From Arabic and Persian roots meaning "fortunate," "happy," or associated with the poet Saadi.
Sadi carries a dual heritage that makes it particularly rich for a name of only four letters. In the Western tradition, it functions as a streamlined variant of Sadie, itself a diminutive of Sarah — the Hebrew name meaning "princess" or "noblewoman" that appears in the book of Genesis as the wife of Abraham and one of the founding mothers of the Abrahamic traditions. Sadie emerged in the English-speaking world as an affectionate pet form and eventually gained standing as a given name in its own right during the Victorian era.

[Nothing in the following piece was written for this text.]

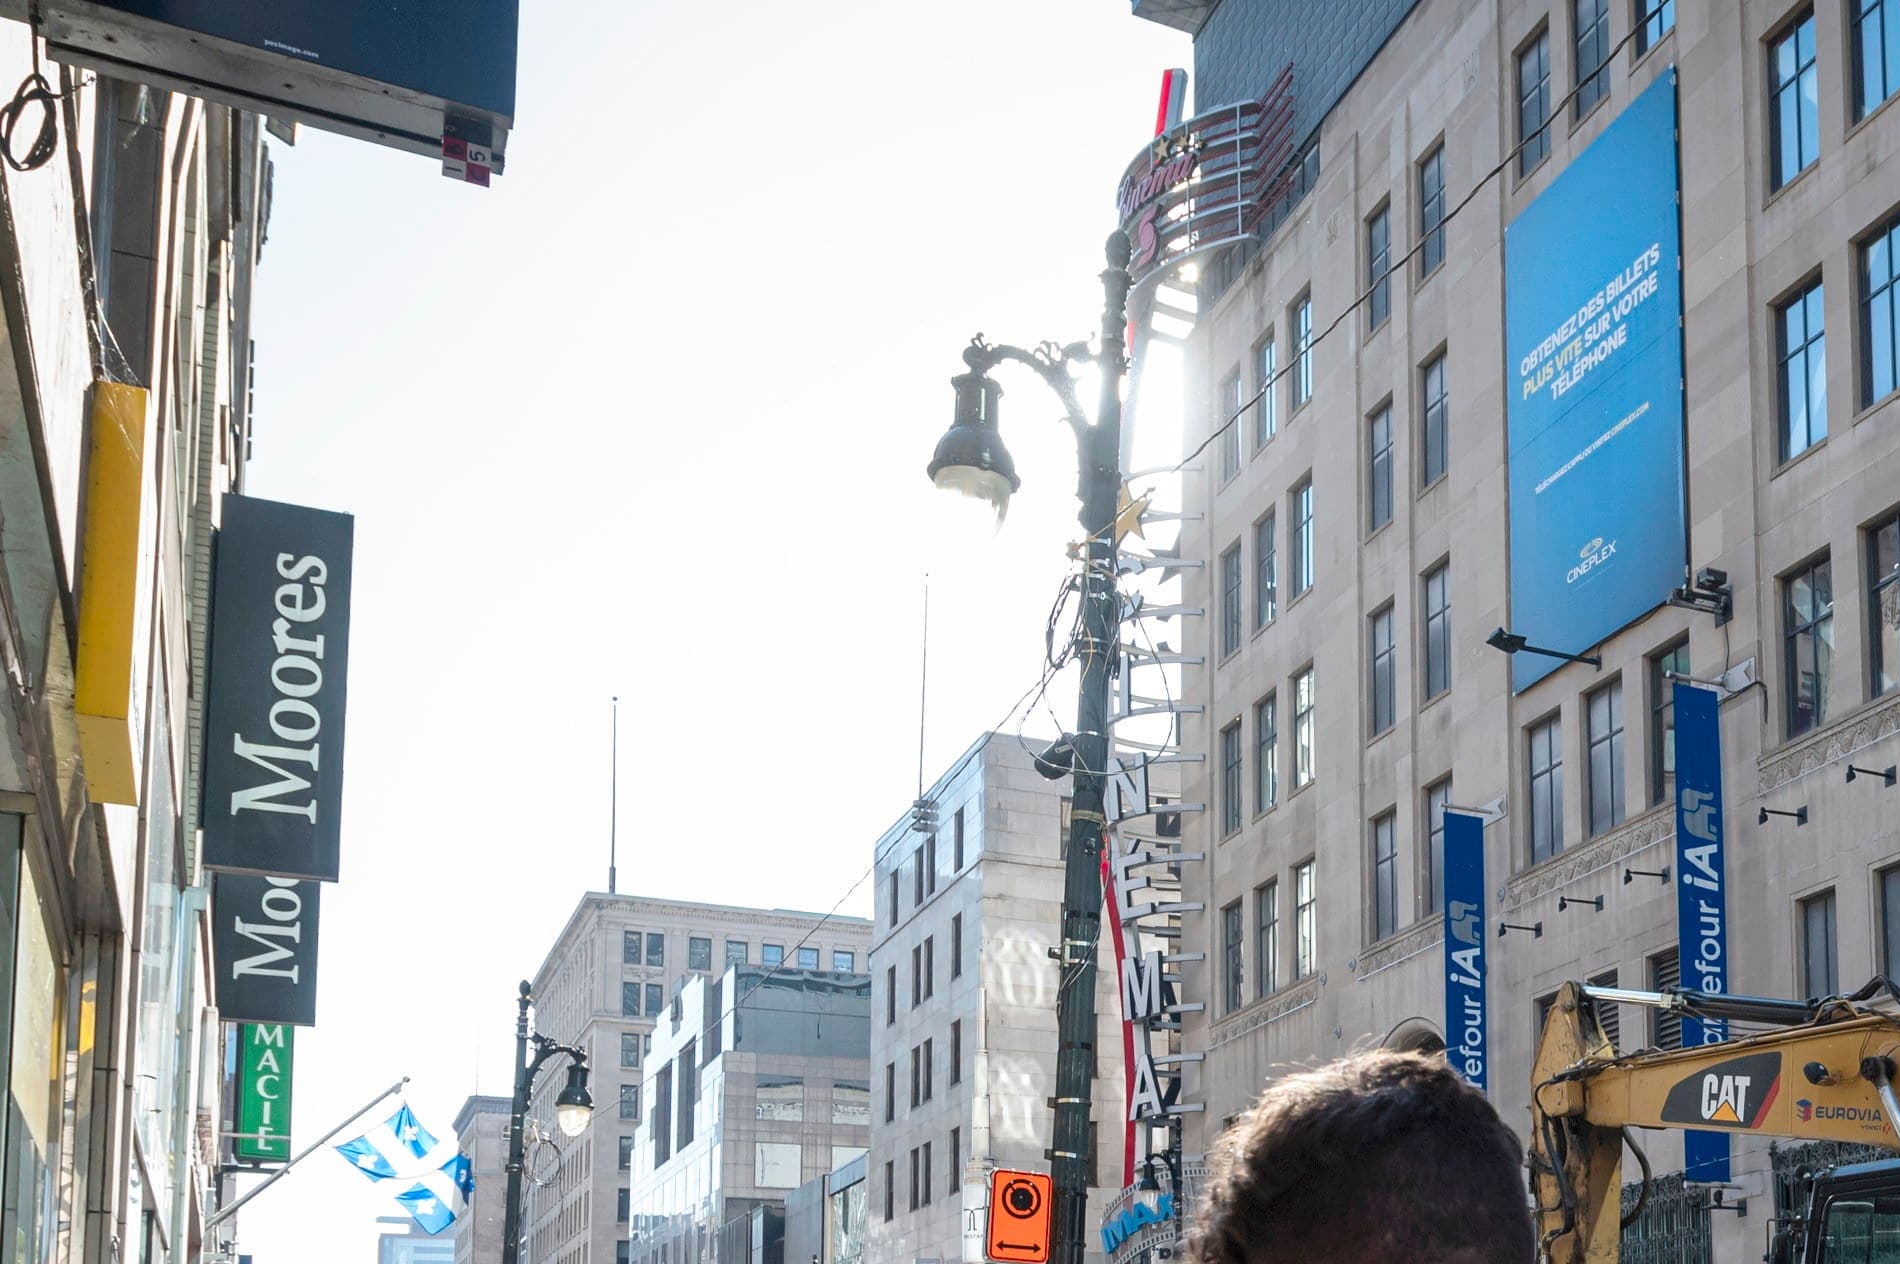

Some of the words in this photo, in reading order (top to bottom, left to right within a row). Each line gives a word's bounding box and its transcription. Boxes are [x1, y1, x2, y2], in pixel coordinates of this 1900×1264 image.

Yet Sadi also resonates with one of the great literary figures of the Persian world: the thirteenth-century poet Saadi Shirazi, born Muslih-ud-Din Mushrif ibn Abdullah. Writing from Shiraz in what is now Iran, Saadi produced the *Gulistan* (Rose Garden) and *Bustan* (Orchard) — works of such wisdom and lyric beauty that they influenced Persian literature, Mughal court culture, and even European Romantics like Goethe. His pen name, Saadi (also spelled Sadi), honored a patron and became so widely associated with his genius that the name carries a literary glow throughout the Persian-speaking world.
In contemporary usage, Sadi — stripped of the final "e" — feels modern and gender-inclusive, used for both boys and girls depending on cultural context. It is compact, confident, and cross-cultural, sitting at the intersection of Anglophone affection and Persianate literary prestige in a way few short names can manage.